As used herein, the term “Business Day” means any day that is not a Saturday or Sunday and is not a United States federal holiday or a day on which banking institutions generally are authorized or obligated by law or regulation to close in New York City.

Warrants may be exercised only in whole numbers of Warrants.  No fractional shares of Common Stock are to be issued upon the exercise of any Warrant, but rather the number of shares of Common Stock to be issued shall be rounded up to the nearest whole number.  If fewer than all of the Warrants evidenced by this Warrant Certificate are exercised, a new Warrant Certificate for the number of Warrants remaining unexercised shall be executed by the Company and countersigned by the Warrant Agent as provided in Section 2 of the Warrant Agreement, and delivered to the holder of this Warrant Certificate at the address specified on the books of the Warrant Agent or as otherwise specified by such Registered Holder.

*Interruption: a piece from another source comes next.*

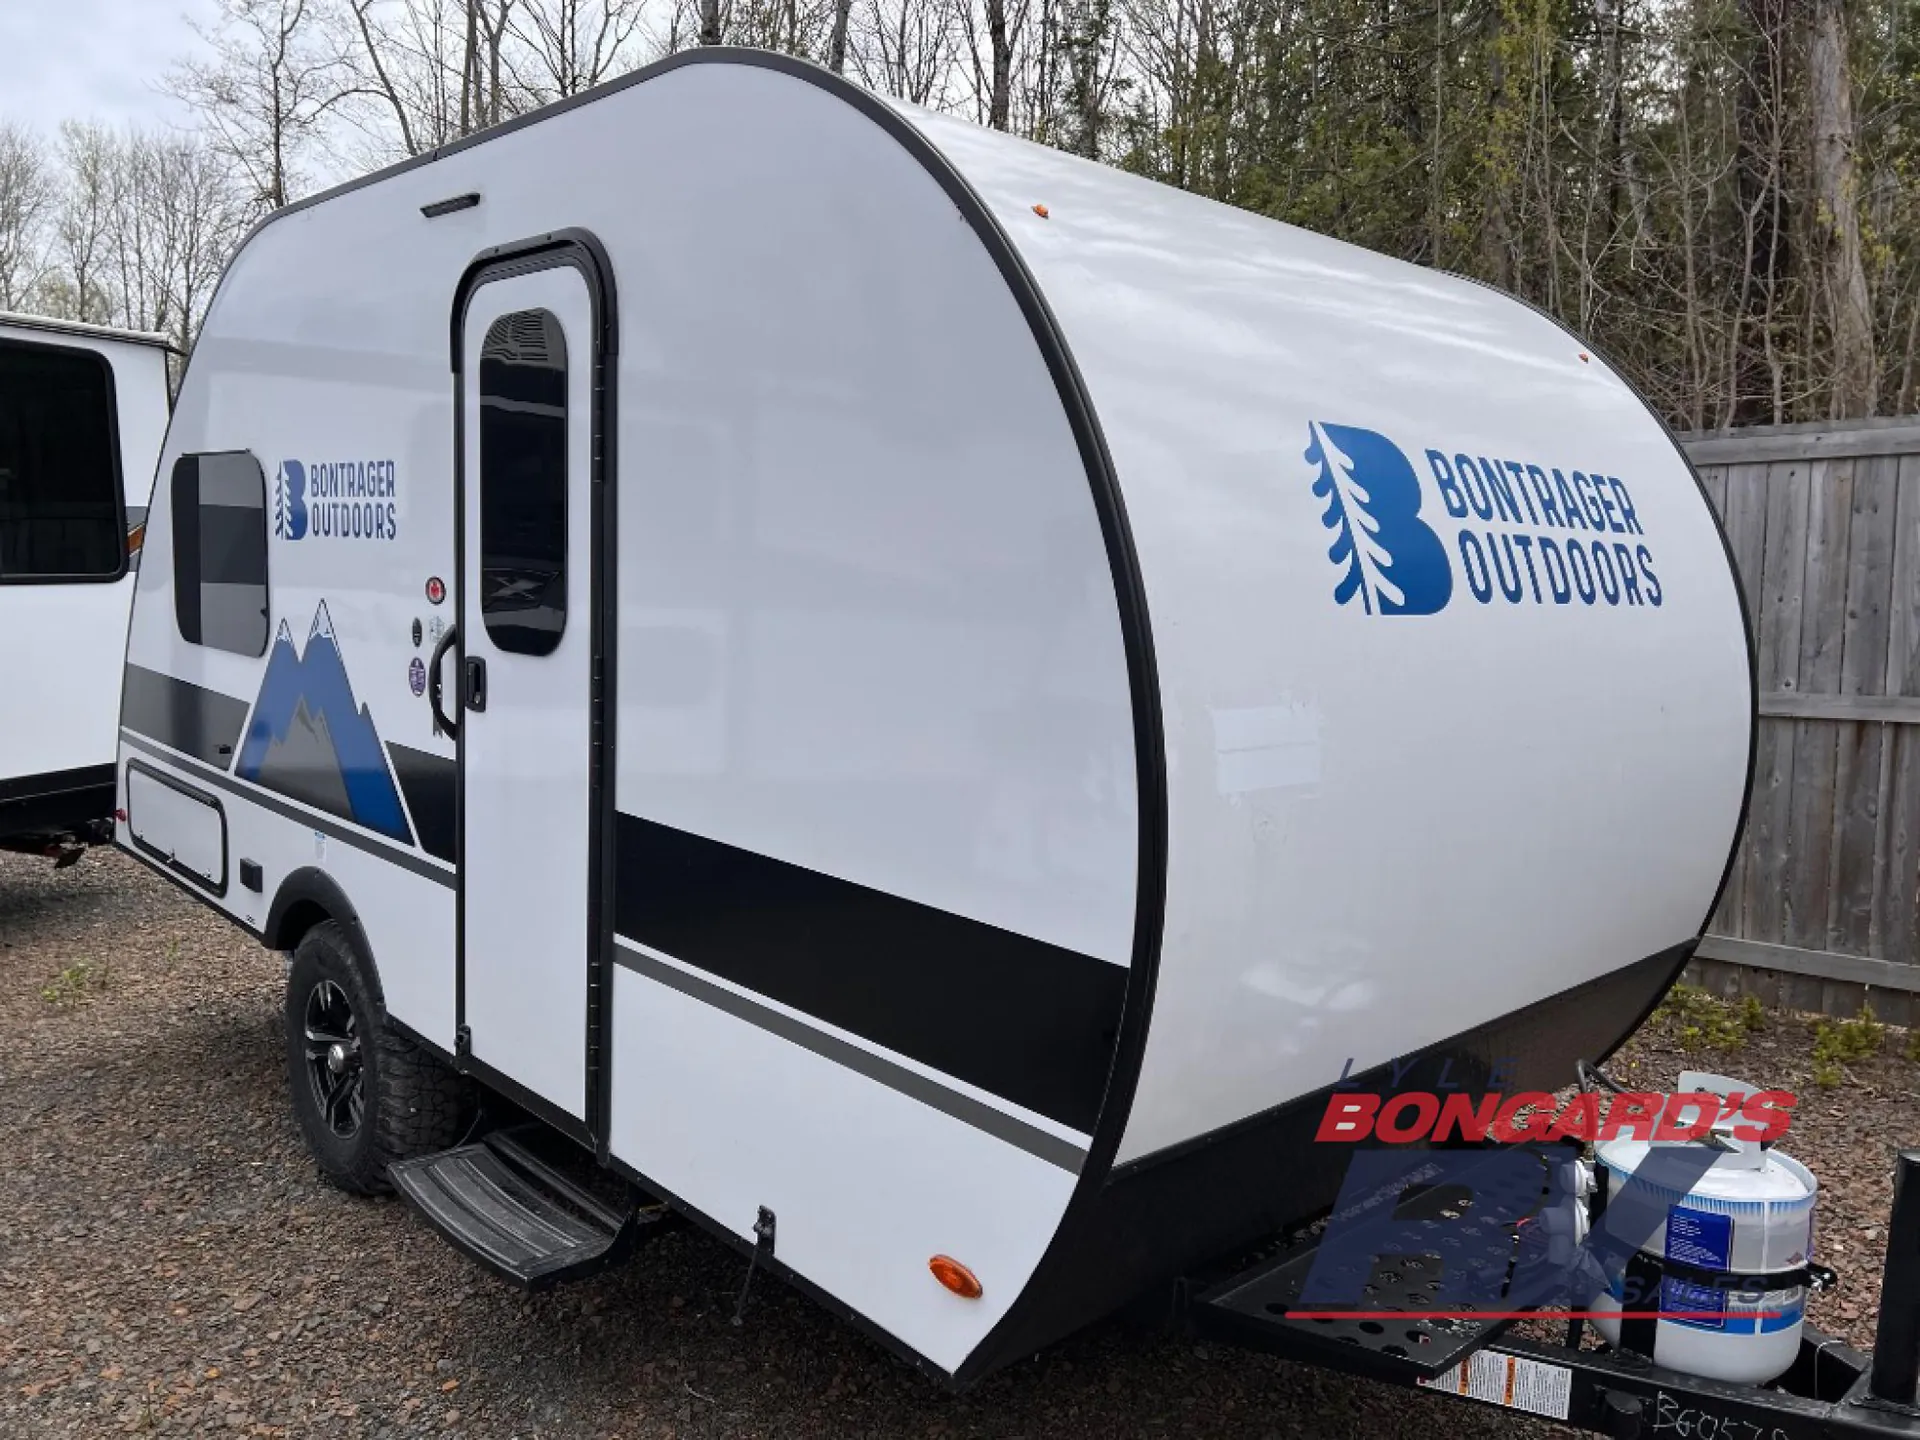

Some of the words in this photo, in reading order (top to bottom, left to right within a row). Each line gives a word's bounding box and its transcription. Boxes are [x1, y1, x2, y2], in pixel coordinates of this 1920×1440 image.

[310, 460, 396, 497] BONTRAGER
[1424, 448, 1645, 535] BONTRAGER
[312, 502, 396, 540] OUTDOORS
[1458, 530, 1662, 606] OUTDOORS

This Warrant Certificate is issued under and in accordance with the Warrant Agreement, dated as of _____________, 2011 (the “Warrant Agreement”), between the Company and the Warrant Agent and is subject to the terms and provisions contained in the Warrant Agreement, to all of which terms and provisions the holder of this Warrant Certificate and the beneficial owners of the Warrants represented by this Warrant Certificate consent by acceptance hereof.  Copies of the Warrant Agreement are on file and can be inspected at the above-mentioned office of the Warrant Agent and at the office of the Company at 300 Atlantic Avenue, Suite 301, Stamford, Connecticut 06901.

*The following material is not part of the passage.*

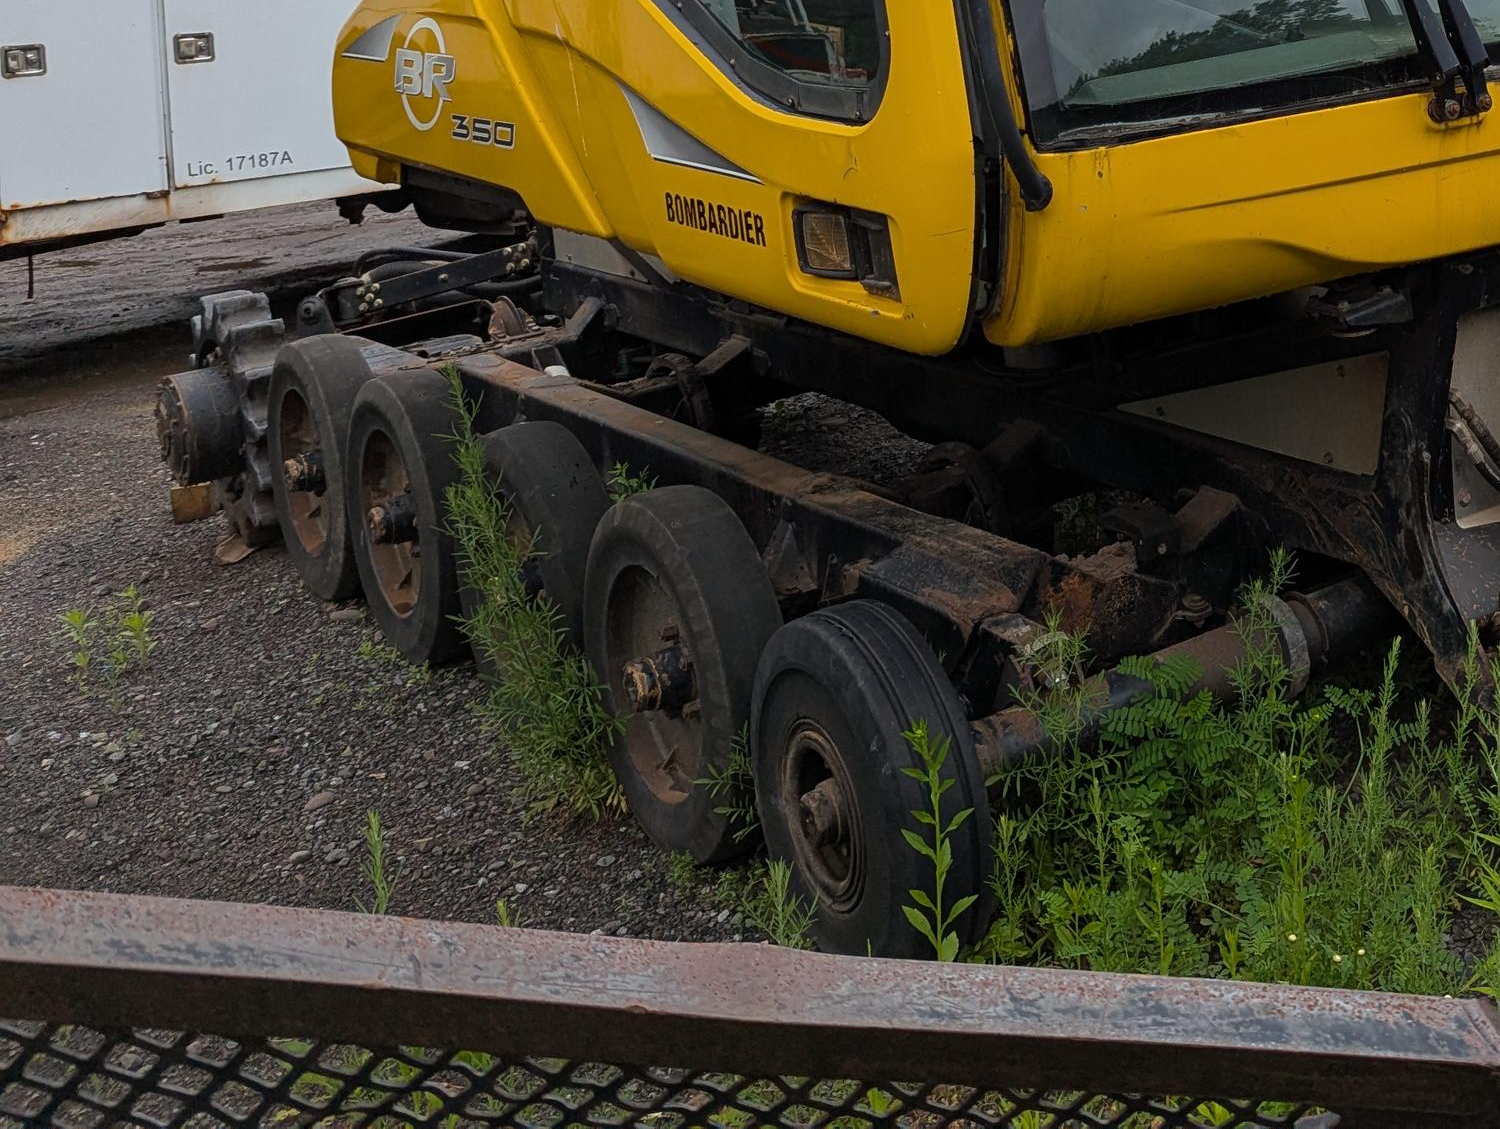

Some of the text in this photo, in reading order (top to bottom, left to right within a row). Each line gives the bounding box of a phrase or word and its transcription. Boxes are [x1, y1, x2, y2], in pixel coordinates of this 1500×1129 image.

At any time during the Exercise Period, the Company may, at its option, redeem all (but not part) of the then outstanding Warrants upon giving notice in accordance with the terms of the Warrant Agreement (the “Redemption Notice”), at the price of $0.01 per Warrant (the “Redemption Price”); provided, that the last sales price of the Shares has been at least $7.50 per Share, on any twenty (20) trading days within a thirty (30) trading day period ending on the third Business Day prior to the date on which the Redemption Notice is given. In the event the Company shall elect to redeem all of the then outstanding Warrants, the Company shall fix a date for such redemption (the “Redemption Date”); provided, that such date shall occur prior to the expiration of the Exercise Period. The Warrants may be exercised in accordance with the terms of this Agreement at any time after a Redemption Notice shall have been given by the Company; provided, however, that no Warrants may be exercised subsequent to the expiration of the Exercise Period; provided, further, that all rights whatsoever with respect to the Warrants shall cease on the Redemption Date, other than to the right to receive the Redemption Price.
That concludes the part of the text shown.